== Required work ==
Gather every line from the entries below that includes "CULTURE".

======== Records to process ========

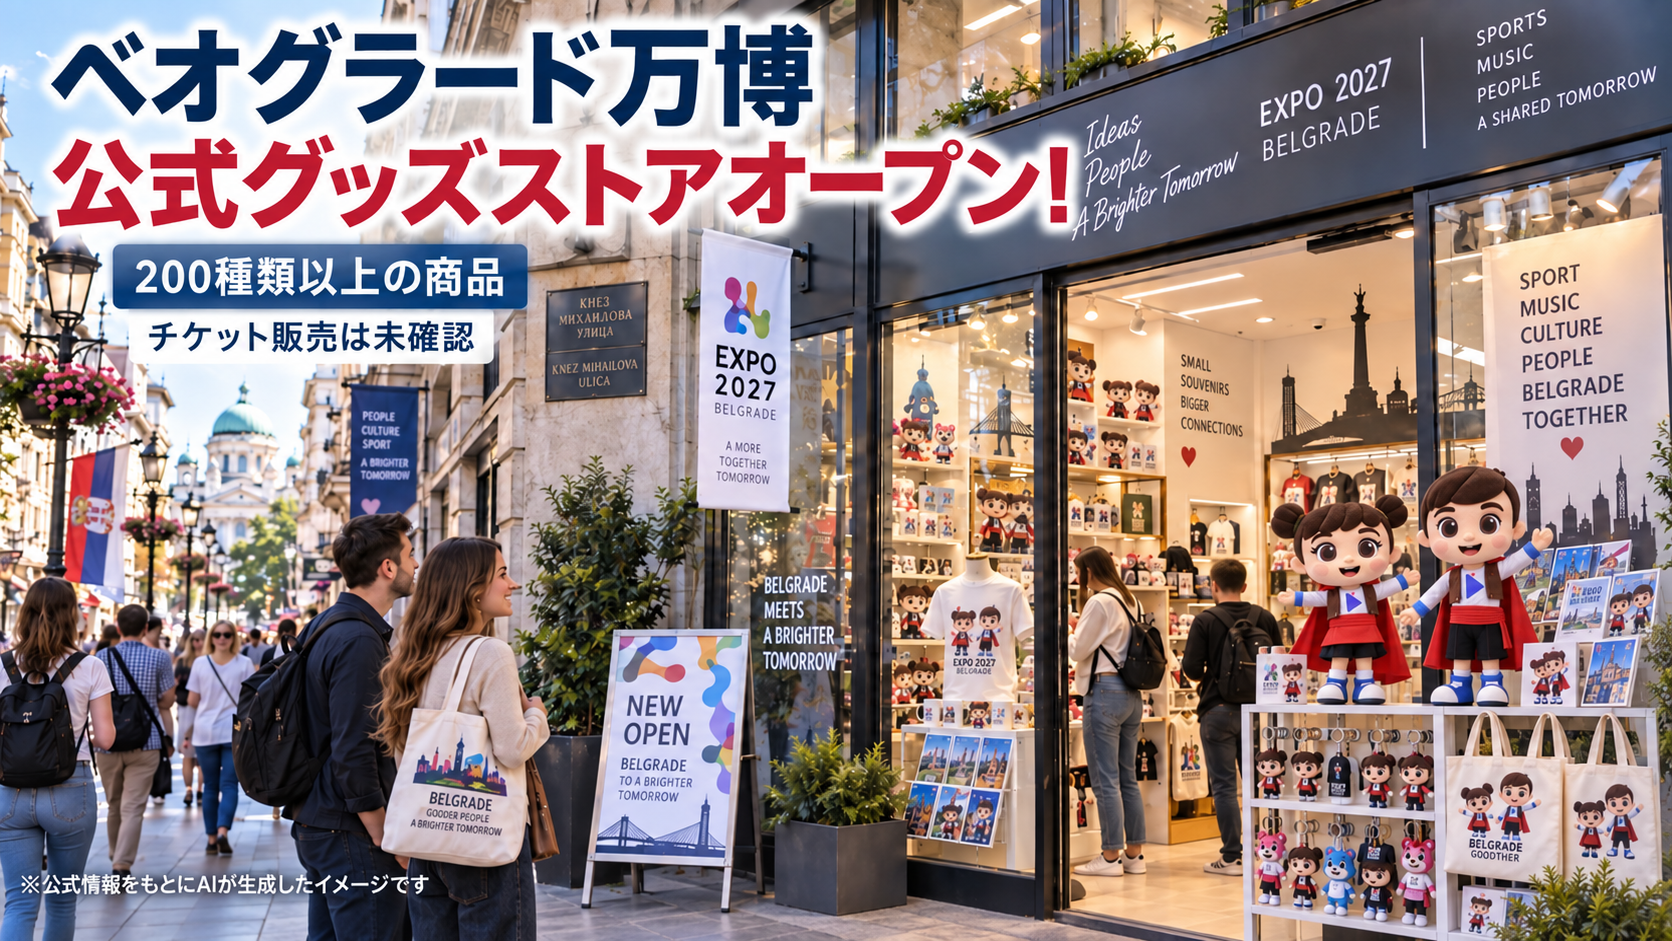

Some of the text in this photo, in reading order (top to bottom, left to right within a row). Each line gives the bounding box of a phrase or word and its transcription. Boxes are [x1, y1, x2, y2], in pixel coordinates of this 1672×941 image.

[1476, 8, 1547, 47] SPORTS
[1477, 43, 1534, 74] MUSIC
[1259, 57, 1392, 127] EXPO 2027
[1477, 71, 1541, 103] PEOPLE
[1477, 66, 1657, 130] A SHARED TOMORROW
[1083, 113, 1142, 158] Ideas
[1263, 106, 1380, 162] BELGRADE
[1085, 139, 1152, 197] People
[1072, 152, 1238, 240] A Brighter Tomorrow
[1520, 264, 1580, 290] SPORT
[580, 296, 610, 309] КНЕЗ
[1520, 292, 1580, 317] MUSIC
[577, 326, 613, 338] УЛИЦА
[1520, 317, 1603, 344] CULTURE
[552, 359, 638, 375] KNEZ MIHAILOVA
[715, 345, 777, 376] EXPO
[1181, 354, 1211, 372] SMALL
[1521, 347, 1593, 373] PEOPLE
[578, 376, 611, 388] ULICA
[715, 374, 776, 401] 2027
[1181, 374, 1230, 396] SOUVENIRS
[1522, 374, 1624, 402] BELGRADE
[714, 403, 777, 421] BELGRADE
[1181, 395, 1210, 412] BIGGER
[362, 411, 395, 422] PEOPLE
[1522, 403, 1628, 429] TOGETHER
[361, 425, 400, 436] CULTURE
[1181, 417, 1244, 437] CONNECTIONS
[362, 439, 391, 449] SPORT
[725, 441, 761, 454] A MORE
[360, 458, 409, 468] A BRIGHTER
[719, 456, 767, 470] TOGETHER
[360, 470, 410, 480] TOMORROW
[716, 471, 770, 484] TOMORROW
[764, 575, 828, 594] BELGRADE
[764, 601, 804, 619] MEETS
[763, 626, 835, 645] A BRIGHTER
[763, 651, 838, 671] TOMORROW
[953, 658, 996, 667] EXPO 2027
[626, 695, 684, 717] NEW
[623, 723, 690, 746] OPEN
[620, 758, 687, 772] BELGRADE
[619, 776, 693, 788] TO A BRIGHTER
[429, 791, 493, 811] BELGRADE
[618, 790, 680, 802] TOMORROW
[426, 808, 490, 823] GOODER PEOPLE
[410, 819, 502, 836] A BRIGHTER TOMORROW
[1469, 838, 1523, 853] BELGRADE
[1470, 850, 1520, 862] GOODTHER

========

== Solution to this exercise ==
[1520, 317, 1603, 344] CULTURE
[361, 425, 400, 436] CULTURE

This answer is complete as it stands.